╭─ Given records

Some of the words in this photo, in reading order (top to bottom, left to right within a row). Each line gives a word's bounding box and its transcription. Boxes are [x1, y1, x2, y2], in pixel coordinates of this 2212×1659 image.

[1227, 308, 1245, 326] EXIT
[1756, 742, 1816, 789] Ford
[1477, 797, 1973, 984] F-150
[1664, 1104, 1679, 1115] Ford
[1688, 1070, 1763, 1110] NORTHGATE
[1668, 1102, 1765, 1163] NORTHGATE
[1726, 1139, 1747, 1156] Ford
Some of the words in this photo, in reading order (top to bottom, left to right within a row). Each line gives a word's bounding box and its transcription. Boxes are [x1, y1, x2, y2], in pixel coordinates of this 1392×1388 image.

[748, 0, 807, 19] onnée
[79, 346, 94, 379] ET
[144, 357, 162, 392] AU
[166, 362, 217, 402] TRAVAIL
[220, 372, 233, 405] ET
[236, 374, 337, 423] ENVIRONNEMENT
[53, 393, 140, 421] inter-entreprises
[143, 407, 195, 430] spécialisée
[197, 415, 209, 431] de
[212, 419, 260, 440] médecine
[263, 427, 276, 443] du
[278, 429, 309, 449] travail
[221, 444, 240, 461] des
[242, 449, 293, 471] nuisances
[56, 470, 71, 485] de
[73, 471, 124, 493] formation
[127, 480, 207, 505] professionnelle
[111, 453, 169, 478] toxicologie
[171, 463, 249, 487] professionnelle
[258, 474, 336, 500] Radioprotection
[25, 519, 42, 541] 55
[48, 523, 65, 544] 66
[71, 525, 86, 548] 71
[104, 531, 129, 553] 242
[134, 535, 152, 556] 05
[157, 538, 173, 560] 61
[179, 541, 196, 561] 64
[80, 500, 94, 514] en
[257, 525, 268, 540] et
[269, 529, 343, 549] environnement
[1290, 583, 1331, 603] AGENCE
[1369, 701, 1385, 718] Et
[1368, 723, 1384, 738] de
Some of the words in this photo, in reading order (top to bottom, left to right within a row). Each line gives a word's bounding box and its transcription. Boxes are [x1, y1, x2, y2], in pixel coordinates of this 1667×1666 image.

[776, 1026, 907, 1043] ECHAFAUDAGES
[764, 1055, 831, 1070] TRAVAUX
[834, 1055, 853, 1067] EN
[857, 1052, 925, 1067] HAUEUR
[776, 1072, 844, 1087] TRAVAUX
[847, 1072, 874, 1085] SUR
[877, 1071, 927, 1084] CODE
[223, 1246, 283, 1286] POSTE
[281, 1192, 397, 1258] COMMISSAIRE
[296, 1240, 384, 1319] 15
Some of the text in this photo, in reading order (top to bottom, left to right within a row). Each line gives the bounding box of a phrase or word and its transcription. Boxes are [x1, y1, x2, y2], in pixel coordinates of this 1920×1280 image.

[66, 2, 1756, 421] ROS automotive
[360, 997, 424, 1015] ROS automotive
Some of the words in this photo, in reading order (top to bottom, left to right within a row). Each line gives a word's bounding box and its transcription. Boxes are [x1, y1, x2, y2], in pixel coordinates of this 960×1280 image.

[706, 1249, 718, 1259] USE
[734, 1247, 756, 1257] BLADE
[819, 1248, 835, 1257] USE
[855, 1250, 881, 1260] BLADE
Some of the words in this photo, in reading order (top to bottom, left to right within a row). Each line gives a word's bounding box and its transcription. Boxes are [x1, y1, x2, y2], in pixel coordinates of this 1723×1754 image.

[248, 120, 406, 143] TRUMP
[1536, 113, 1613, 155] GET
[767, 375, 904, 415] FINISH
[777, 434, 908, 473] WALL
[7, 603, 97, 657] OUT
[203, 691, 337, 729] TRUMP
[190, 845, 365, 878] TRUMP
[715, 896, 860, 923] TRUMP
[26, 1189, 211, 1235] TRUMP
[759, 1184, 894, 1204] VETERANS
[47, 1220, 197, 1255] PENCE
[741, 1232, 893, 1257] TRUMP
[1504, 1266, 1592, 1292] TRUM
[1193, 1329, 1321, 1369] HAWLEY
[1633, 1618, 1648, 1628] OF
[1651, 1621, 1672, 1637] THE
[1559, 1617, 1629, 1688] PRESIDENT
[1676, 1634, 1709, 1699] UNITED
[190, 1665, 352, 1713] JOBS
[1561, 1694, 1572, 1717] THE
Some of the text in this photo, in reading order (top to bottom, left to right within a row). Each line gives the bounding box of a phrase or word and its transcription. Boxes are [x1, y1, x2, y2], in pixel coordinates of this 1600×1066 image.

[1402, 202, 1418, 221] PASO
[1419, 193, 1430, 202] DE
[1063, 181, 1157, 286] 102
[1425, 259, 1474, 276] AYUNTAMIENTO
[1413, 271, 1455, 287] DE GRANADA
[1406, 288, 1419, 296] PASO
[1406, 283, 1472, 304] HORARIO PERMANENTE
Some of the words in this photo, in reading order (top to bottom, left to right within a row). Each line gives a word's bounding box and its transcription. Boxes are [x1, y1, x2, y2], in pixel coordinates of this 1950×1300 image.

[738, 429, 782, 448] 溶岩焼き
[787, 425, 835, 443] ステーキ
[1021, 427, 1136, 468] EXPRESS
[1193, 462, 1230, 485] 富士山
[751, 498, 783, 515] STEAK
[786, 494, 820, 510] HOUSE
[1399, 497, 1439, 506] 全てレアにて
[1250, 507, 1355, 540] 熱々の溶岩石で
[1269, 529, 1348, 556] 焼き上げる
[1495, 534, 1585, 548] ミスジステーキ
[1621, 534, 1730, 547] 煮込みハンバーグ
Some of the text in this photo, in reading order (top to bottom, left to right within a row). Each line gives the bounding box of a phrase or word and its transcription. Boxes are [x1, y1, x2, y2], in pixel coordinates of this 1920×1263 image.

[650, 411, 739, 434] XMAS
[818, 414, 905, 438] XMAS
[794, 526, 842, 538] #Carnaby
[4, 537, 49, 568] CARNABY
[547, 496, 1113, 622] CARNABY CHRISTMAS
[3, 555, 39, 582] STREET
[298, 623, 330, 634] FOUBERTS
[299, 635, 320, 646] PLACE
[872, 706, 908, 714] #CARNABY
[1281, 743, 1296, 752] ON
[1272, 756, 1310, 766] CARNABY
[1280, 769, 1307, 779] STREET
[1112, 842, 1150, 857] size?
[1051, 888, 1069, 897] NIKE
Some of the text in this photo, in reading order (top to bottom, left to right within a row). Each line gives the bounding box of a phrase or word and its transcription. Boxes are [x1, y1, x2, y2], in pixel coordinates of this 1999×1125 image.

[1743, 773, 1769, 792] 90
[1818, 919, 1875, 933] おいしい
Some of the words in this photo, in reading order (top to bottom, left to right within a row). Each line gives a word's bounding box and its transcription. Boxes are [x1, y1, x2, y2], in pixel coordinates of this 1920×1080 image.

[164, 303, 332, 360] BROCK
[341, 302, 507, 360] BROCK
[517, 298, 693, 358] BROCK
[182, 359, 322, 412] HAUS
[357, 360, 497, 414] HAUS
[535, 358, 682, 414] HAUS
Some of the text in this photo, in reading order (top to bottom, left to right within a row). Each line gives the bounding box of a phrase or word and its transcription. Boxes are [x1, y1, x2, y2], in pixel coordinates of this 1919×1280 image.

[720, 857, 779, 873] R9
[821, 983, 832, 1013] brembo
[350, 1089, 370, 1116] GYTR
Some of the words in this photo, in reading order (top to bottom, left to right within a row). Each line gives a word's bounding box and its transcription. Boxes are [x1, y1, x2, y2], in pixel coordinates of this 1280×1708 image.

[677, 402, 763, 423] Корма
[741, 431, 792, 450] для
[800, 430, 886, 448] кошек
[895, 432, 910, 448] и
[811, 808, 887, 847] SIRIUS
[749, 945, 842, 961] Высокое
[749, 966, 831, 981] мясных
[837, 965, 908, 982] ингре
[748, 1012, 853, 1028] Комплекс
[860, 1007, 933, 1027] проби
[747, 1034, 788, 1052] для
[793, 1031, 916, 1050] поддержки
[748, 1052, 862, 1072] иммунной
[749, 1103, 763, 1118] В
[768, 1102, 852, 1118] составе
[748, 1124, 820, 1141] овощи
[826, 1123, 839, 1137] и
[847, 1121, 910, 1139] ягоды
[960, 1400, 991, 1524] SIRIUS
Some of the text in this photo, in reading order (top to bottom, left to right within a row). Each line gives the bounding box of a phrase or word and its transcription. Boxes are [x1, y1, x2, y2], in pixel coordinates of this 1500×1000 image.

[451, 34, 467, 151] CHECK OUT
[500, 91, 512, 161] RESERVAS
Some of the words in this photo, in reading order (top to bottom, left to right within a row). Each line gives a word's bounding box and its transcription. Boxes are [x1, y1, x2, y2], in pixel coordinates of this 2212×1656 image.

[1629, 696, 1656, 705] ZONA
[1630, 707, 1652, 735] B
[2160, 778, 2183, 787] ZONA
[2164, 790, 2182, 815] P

╰─

▶ Exercise aim
The line containing "this 1500×1000 image." begins the span, and the last line of the records above ends it. Return that span exactly, and nothing outside it.

▶ Task output
Some of the text in this photo, in reading order (top to bottom, left to right within a row). Each line gives the bounding box of a phrase or word and its transcription. Boxes are [x1, y1, x2, y2], in pixel coordinates of this 1500×1000 image.

[451, 34, 467, 151] CHECK OUT
[500, 91, 512, 161] RESERVAS
Some of the words in this photo, in reading order (top to bottom, left to right within a row). Each line gives a word's bounding box and its transcription. Boxes are [x1, y1, x2, y2], in pixel coordinates of this 2212×1656 image.

[1629, 696, 1656, 705] ZONA
[1630, 707, 1652, 735] B
[2160, 778, 2183, 787] ZONA
[2164, 790, 2182, 815] P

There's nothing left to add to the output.